In this year, we have gone from a site half-afraid of being featured on the computer news site Slashdot because we weren't able to cope well with the traffic, to being a site that hardly notices when we are 'Slashdotted'.
But our growth has not slowed, and may even be accelerating. We've done something that is unprecedented, and is widely inspiring people about the first dreams of what the Internet could be: people sharing knowledge, giving it away for free, working together to create the tools that people need to make this a better world.
No one can say exactly what the new year will hold for us, but some of the developers are suggesting that if we continue on our current growth course, we will be a top-100 or top-50 site by the end of this year, and we will need hundreds of servers. This growth would be exciting for anyone, but for us it is particularly exciting because of how we have done it: in a way that no one would have ever imagined possible... hundreds of volunteers collaborating in a loose and vaguely anarchistic fashion to do something we really believe in.
How will we handle this growth? In the same way that we have handled things in the past: through careful, thoughtful deliberation in which we look to find the best ideas from whatever source. We need to identify areas in which we need the most help, and actively seek that help.

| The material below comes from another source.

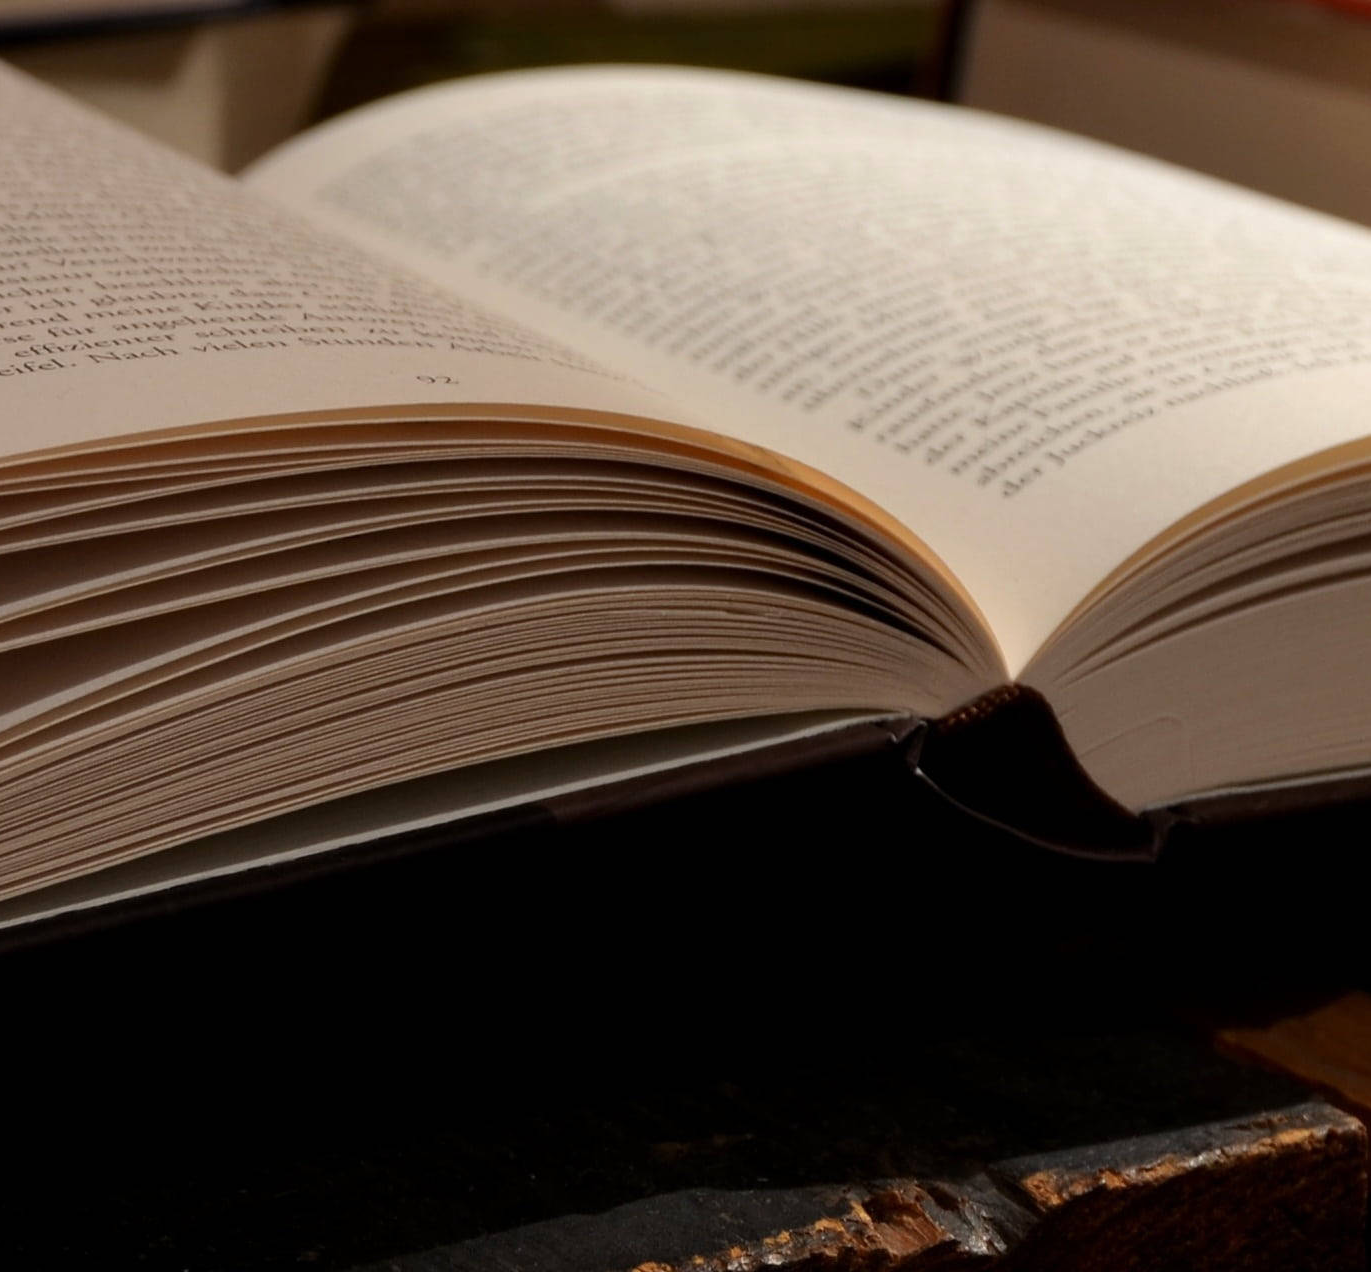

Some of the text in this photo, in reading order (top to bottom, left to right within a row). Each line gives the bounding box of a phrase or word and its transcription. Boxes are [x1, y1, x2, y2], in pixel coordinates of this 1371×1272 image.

For example, demands on developer time are becoming substantial, and so we need to recruit and retain new developers. This can be harder than recruiting new authors, because new developers have to learn a lot more before they reach maximum productivity. For another example, we know that there are systemic biases in Wikipedia, and so we need to think about how to reach out to authors who are interested in different topics than our existing community members are.
I ask everyone to make a resolution for the New Year to think about how to handle this growth and, especially, how we can reach out to find the help that we need. If every active volunteer can go out and find one person who could bring something new to our community, we would have a great increase in our ability to grow while maintaining and improving.